特に、浴室やトイレに手すりが設置されているか、通路幅が十分に確保されているかなどを内見時にしっかり確認しましょう。
建物の階数については、エレベーターがある物件を選ぶのが大前提です。
その上で、災害時にエレベーターが停止することも想定し、階段での移動が比較的容易な2階や3階などの低層階を選ぶと、いざという時に安心です。
防犯面では、オートロックやモニター付きインターホンが設置されている物件を選ぶことで、不審者の侵入を防ぎ、安心して暮らすことができます。
管理人さんが常駐しているマンションであれば、さらに心強いでしょう。
内見時のチェックポイント
- 日当たりと風通しは良いか(心身の健康に影響します)
 - 収納スペースは十分にあるか
 - コンセントの位置と数は使いやすいか
 - 近隣の騒音や住民の雰囲気はどうか
 
目的別におすすめの間取りを紹介
一人暮らしと一言でいっても、そのライフスタイルは人それぞれです。
ここでは、いくつかのタイプ別に、おすすめの間取りとそのメリット・デメリットをまとめてみました。
ちなみに私は1LDKに住んでいます。
寝室と生活空間をきっちり分けられるので、生活にメリハリがついて気に入っていますよ。

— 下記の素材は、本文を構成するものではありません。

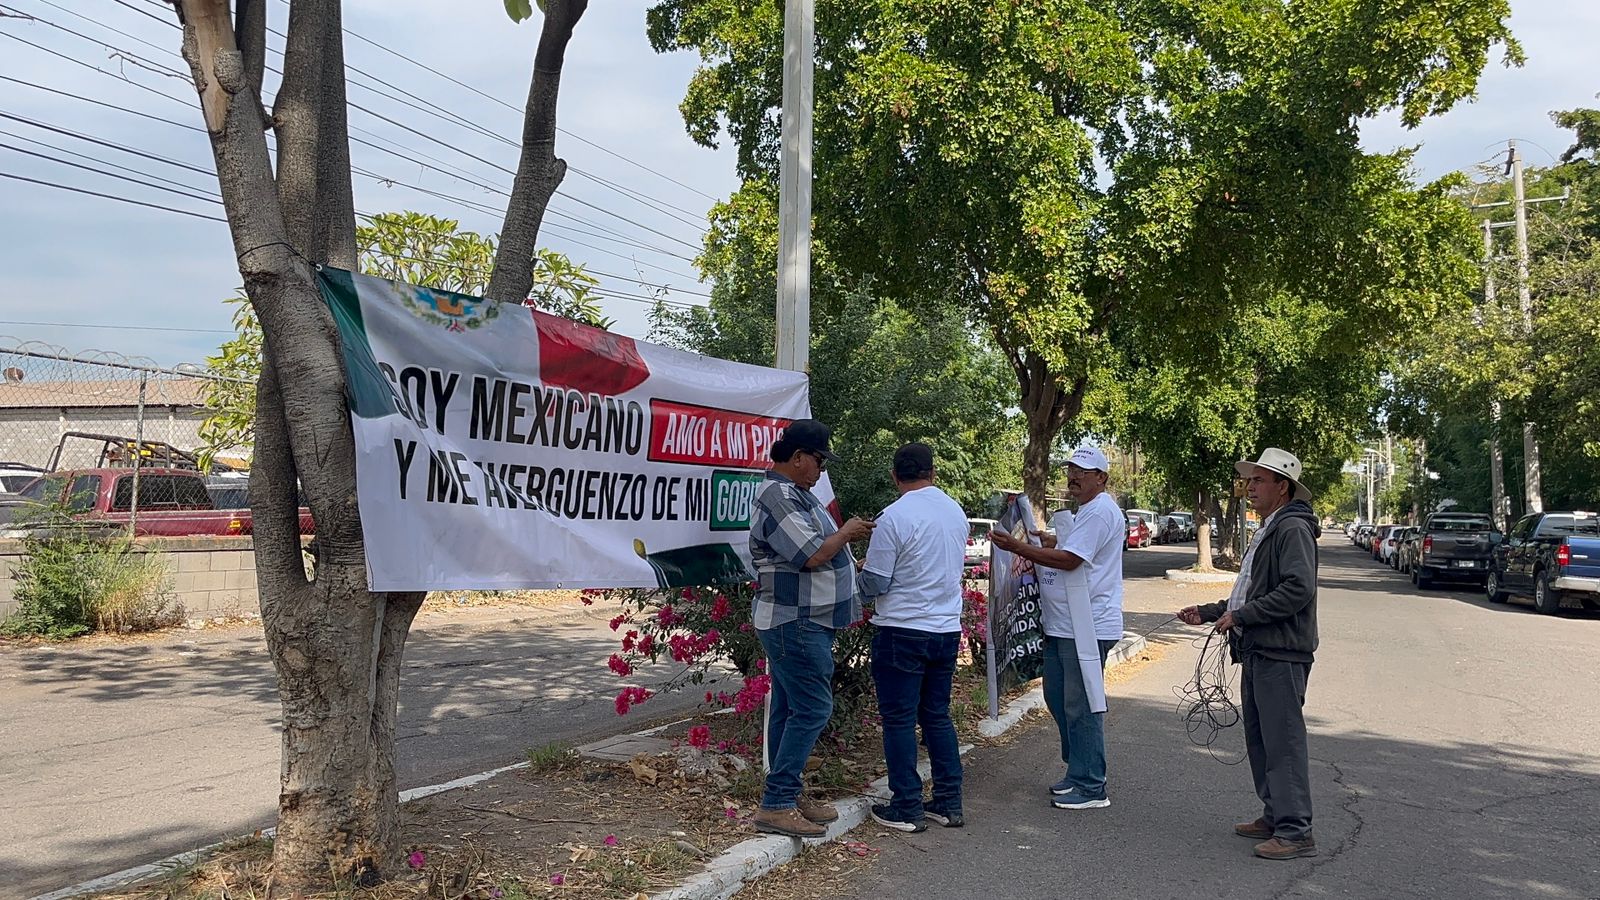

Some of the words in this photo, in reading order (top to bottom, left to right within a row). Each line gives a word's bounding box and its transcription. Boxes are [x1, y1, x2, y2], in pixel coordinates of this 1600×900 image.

ご自身の暮らし方をイメージしながら、最適な間取りを見つけてみてください。
| 間取りタイプ | おすすめのライフスタイル | メリット | デメリット | 
|---|---|---|---|
| 1K / ワンルーム | ・荷物が少なくシンプルに暮らしたい ・家賃を最大限に抑えたい ・掃除の手間を減らしたい  | 
・家賃が安く経済的 ・掃除が楽で管理しやすい ・光熱費を抑えられる  | 
・収納が少ない ・来客時にプライベート空間がない ・料理の匂いが部屋に広がりやすい  | 
| 1DK / 1LDK | ・寝食の空間を分けたい ・友人を招くことがある ・趣味のスペースが欲しい  | 
・生活にメリハリがつく ・来客用のスペースを確保できる ・収納が比較的多い  | 
・1Kに比べて家賃や光熱費が高くなる ・部屋数が増える分、掃除の手間が増える  | 
| 2K / 2DK | ・在宅で仕事をする ・独立した趣味の部屋が欲しい ・将来、家族が泊まりに来る可能性がある  | 
・仕事部屋や趣味部屋を確保できる ・収納力が非常に高い ・生活空間にゆとりが生まれる  | 
・家賃がさらに高くなる ・使わない部屋が出てくる可能性がある ・一人では広く感じ、管理が大変になることも  | 
重要なのは、広すぎないことです。
部屋数が多いと掃除や管理が負担になりますし、使わない部屋は物置になりがちです。
ご自身の体力や生活スタイルを客観的に見極め、無理なく管理できる広さの住まいを選ぶことが、快適な一人暮らしの第一歩です。
貧困に陥らないための資金計画
住まいの目処が立ったら、次はいよいよお金の話です。
60代の一人暮らしで最も大きな不安は、やはり経済的な問題でしょう。
「年金だけで暮らしていけるだろうか」「病気になったらどうしよう」といった心配は、誰もが抱えるものです。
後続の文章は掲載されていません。